-------- RECORDS SHOWN --------

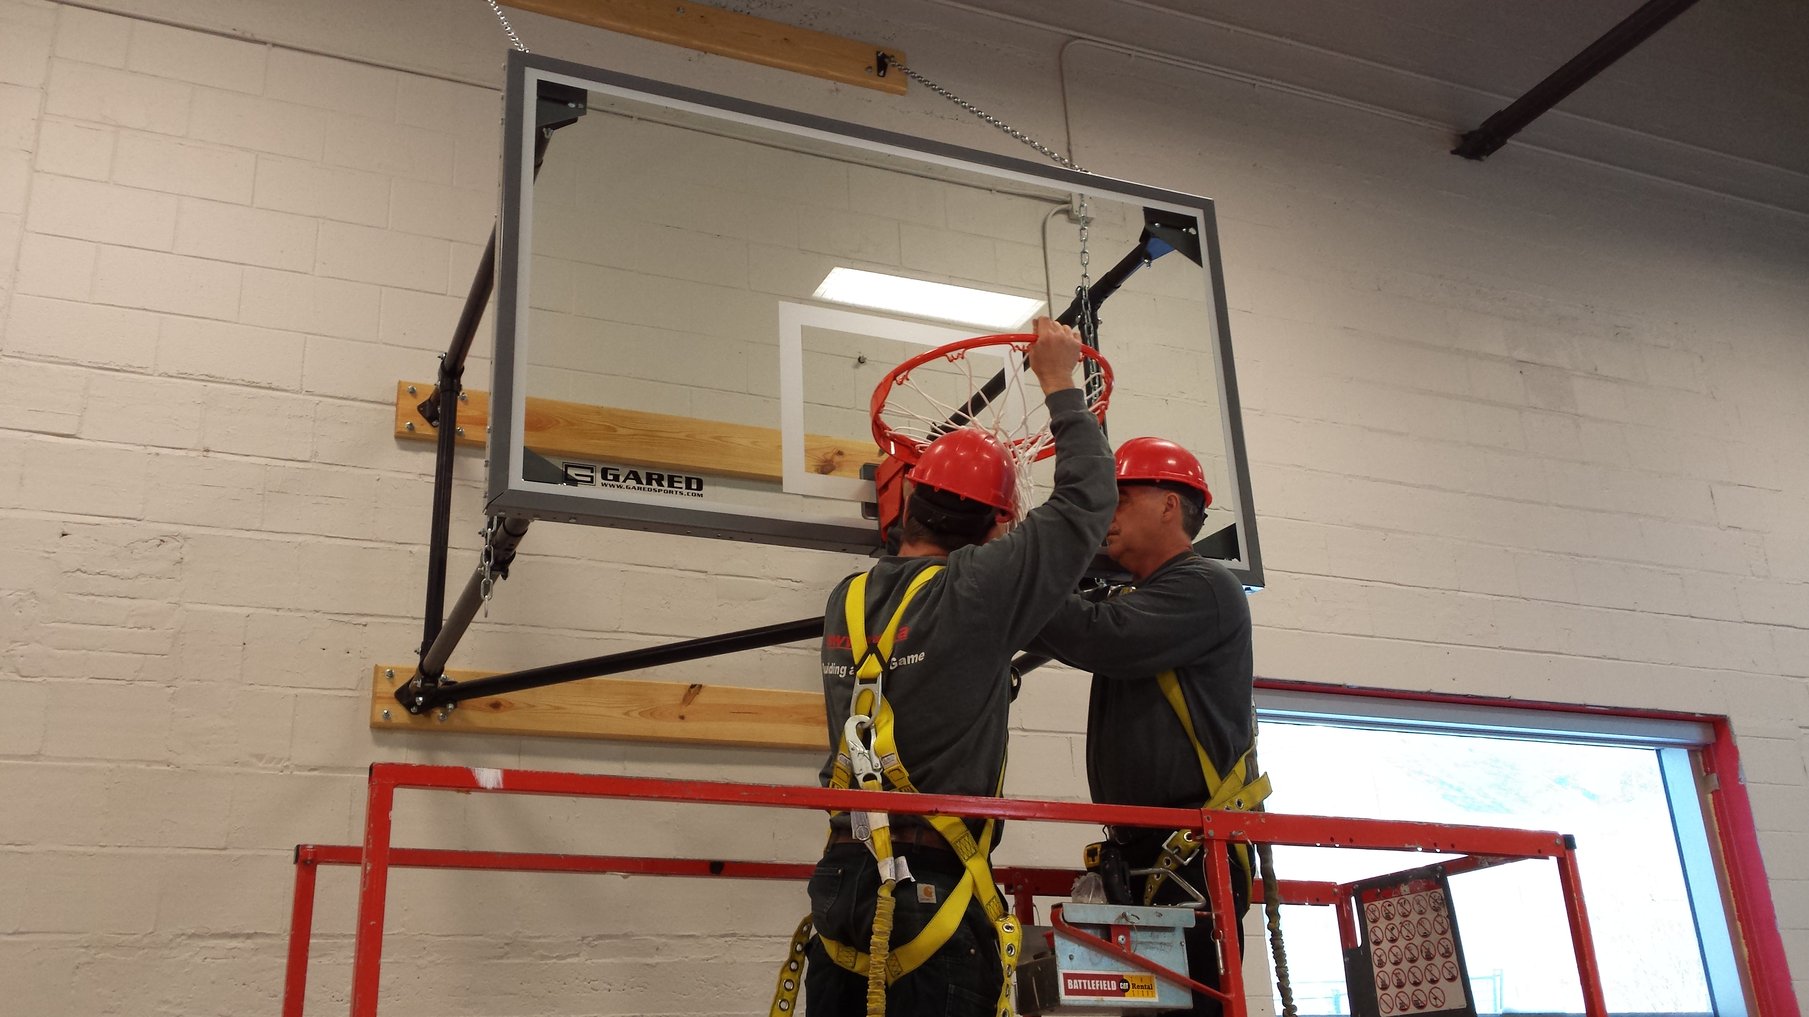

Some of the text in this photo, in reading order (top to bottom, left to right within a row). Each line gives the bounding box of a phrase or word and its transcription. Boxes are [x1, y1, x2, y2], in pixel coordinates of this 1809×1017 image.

[601, 466, 704, 492] GARED
[601, 482, 704, 498] WWW.GAREDSPORTS.COM
[889, 650, 926, 671] Game
[1067, 979, 1117, 991] BATTLEFIELD
[1131, 983, 1153, 991] Rental

--------

** EXERCISE DETAILS **
Drop the pictures; repeat the listing above exactly.

** EXERCISE RESULT **
Some of the text in this photo, in reading order (top to bottom, left to right within a row). Each line gives the bounding box of a phrase or word and its transcription. Boxes are [x1, y1, x2, y2], in pixel coordinates of this 1809×1017 image.

[601, 466, 704, 492] GARED
[601, 482, 704, 498] WWW.GAREDSPORTS.COM
[889, 650, 926, 671] Game
[1067, 979, 1117, 991] BATTLEFIELD
[1131, 983, 1153, 991] Rental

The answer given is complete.